Exercise goal:
Give the entries below again, word for word, and leave out the images.

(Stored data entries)
----

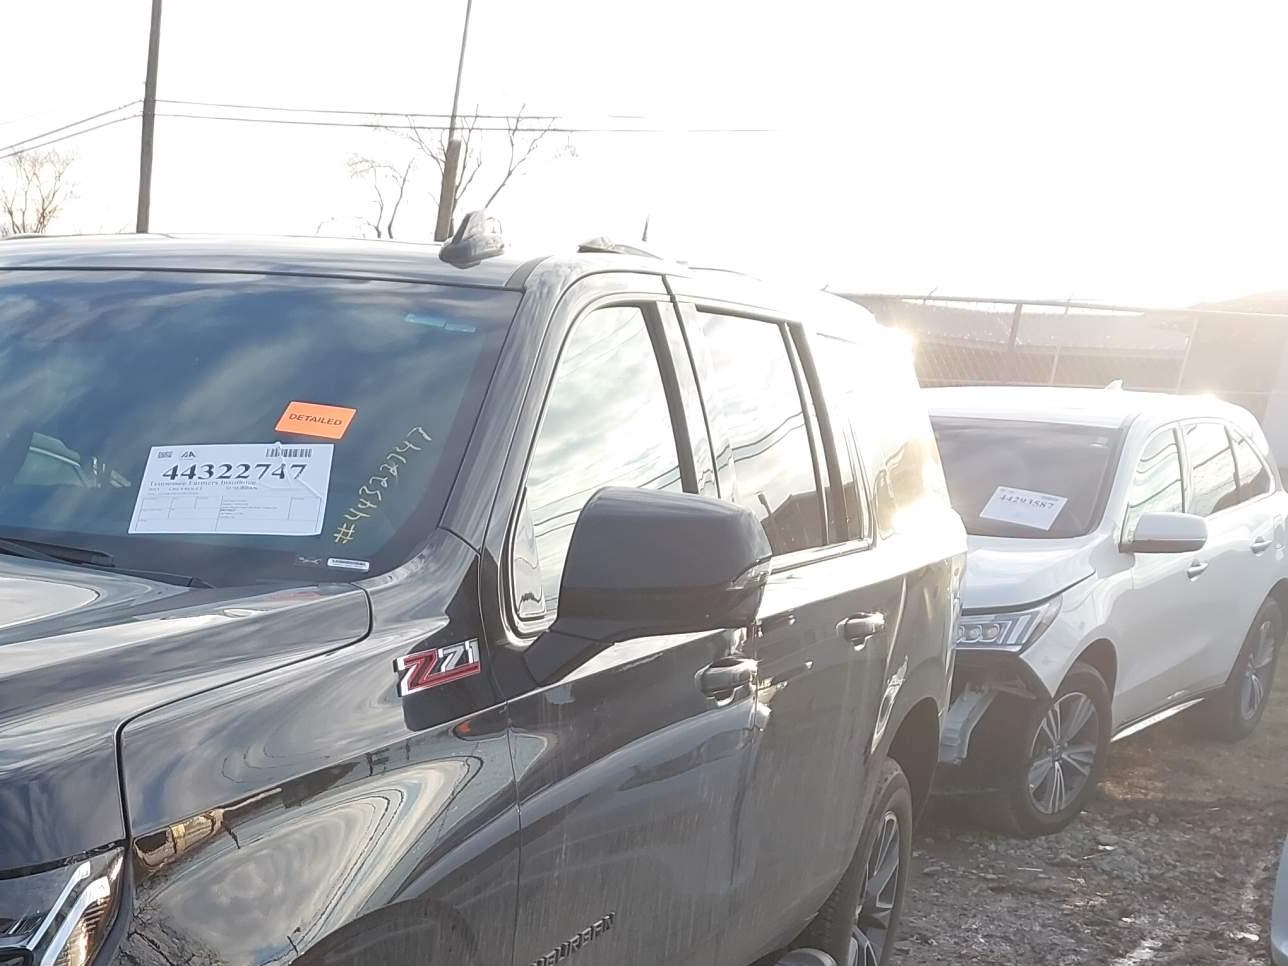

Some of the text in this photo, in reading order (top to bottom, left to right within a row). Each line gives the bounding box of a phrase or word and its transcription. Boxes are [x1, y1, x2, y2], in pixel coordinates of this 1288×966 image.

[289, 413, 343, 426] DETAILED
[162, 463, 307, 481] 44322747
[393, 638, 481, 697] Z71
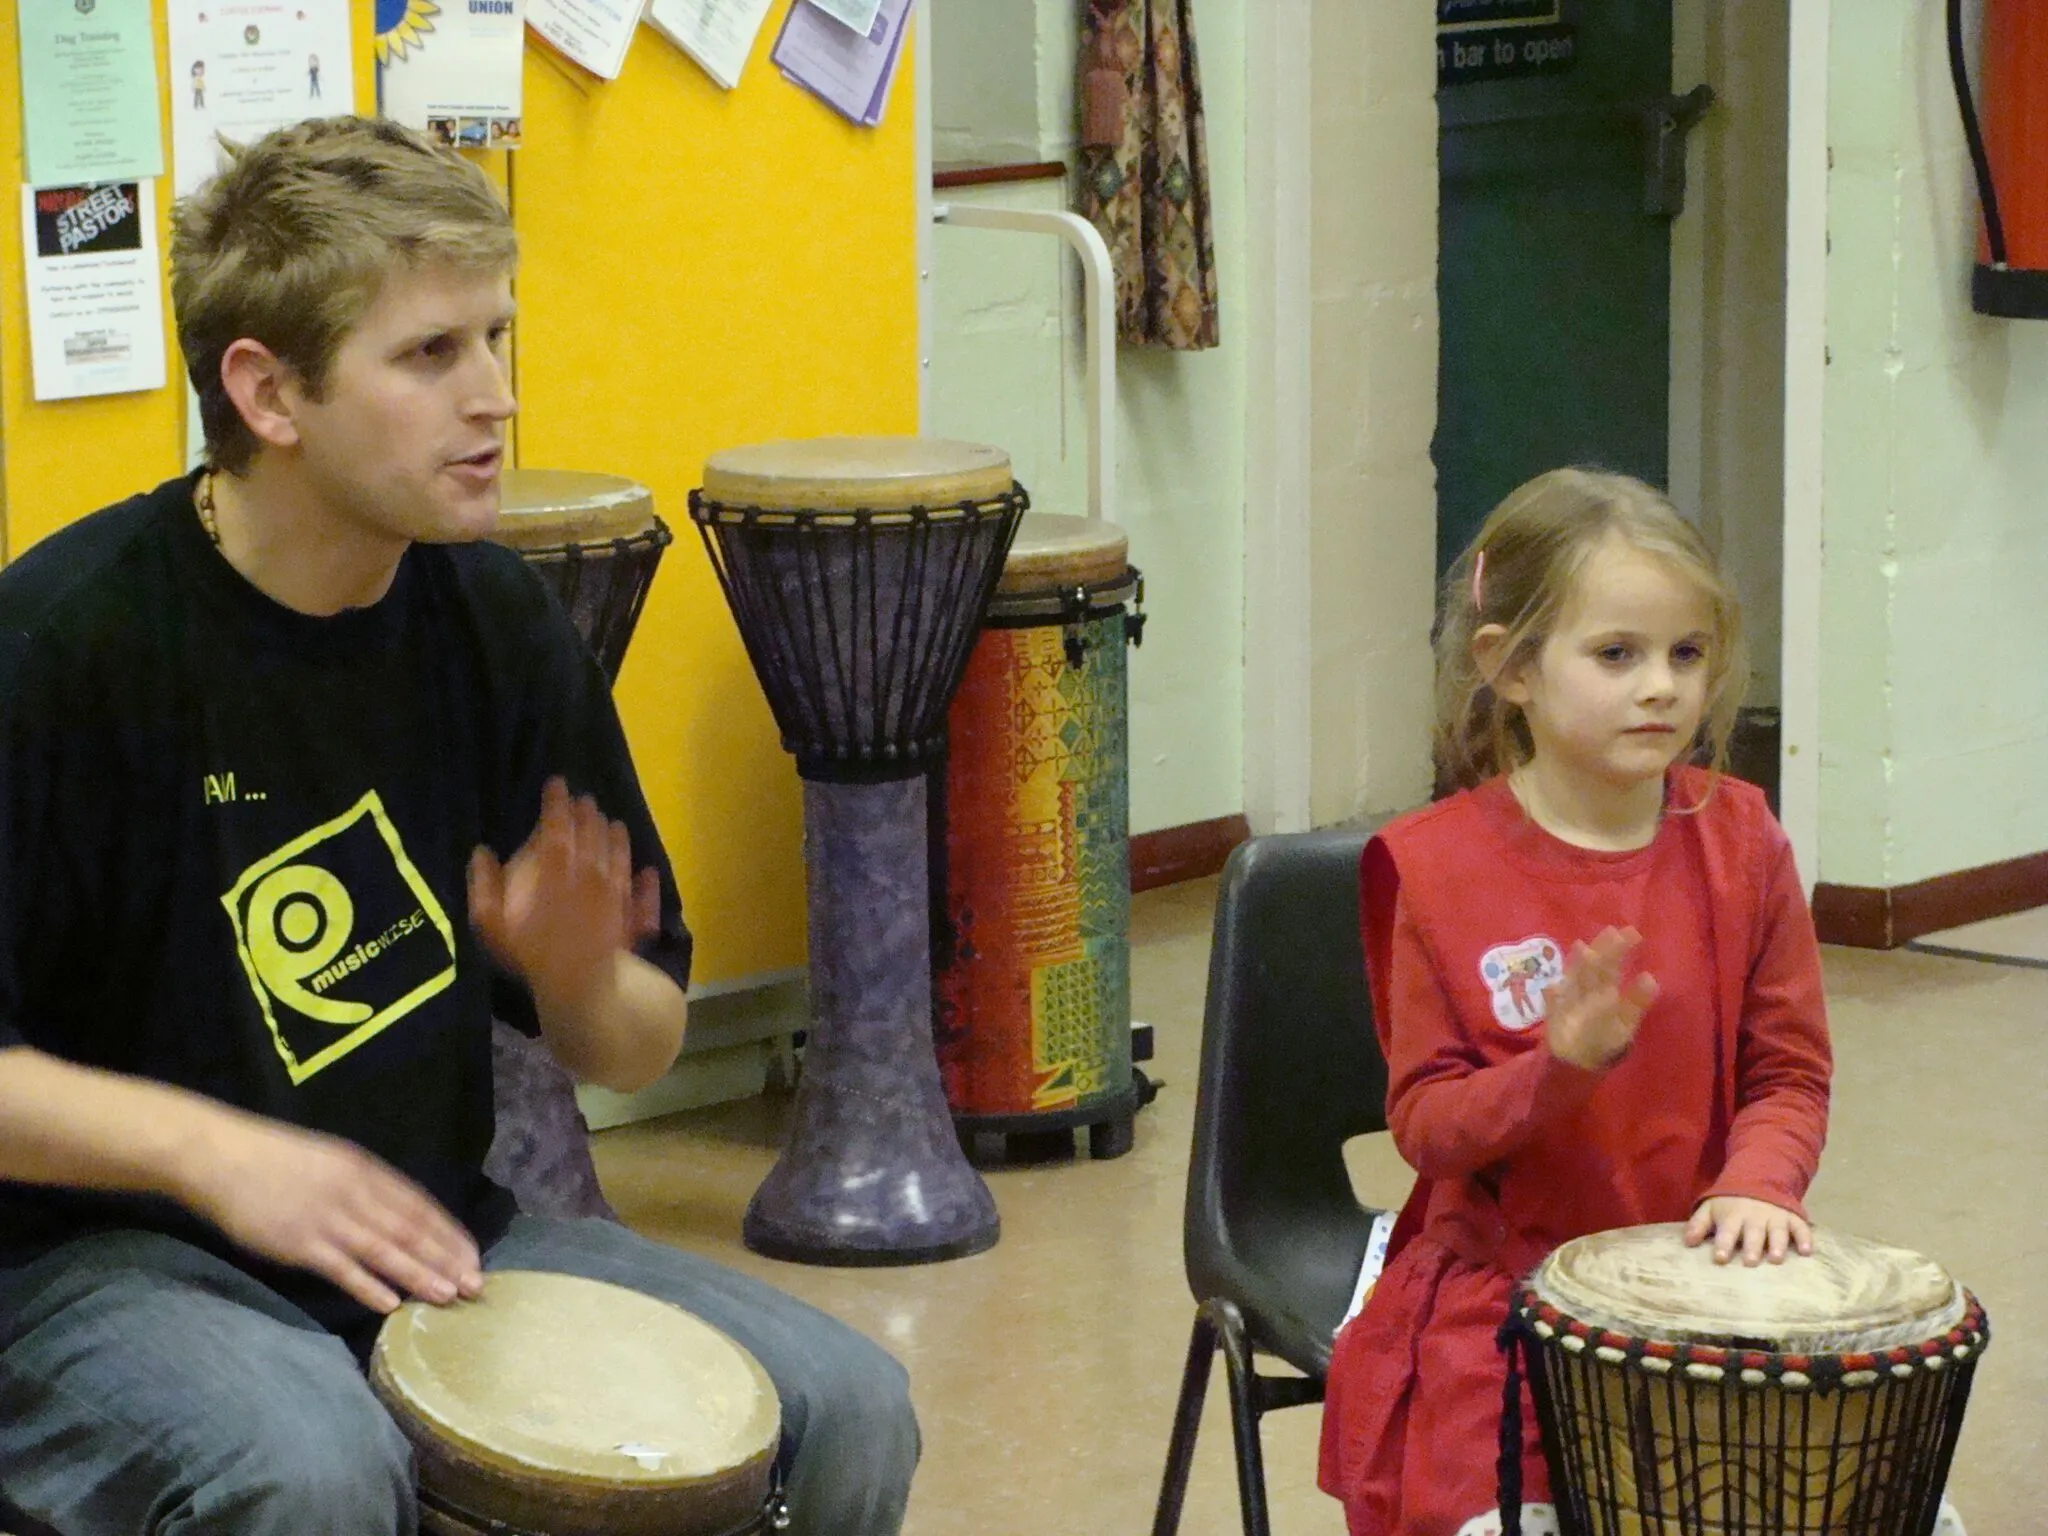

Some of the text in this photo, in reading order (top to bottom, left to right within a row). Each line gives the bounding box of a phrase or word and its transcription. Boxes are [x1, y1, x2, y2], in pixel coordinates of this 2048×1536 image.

----

Response below:
Some of the text in this photo, in reading order (top to bottom, left to right within a row). Each line gives the bounding box of a phrase or word and its transcription. Boxes are [x1, y1, x2, y2], in pixel coordinates of this 1288×966 image.

[289, 413, 343, 426] DETAILED
[162, 463, 307, 481] 44322747
[393, 638, 481, 697] Z71

Some of the text in this photo, in reading order (top to bottom, left to right within a row). Each line gives the bounding box of a phrase or word and its transcription. Boxes are [x1, y1, x2, y2], in pixel coordinates of this 2048×1536 image.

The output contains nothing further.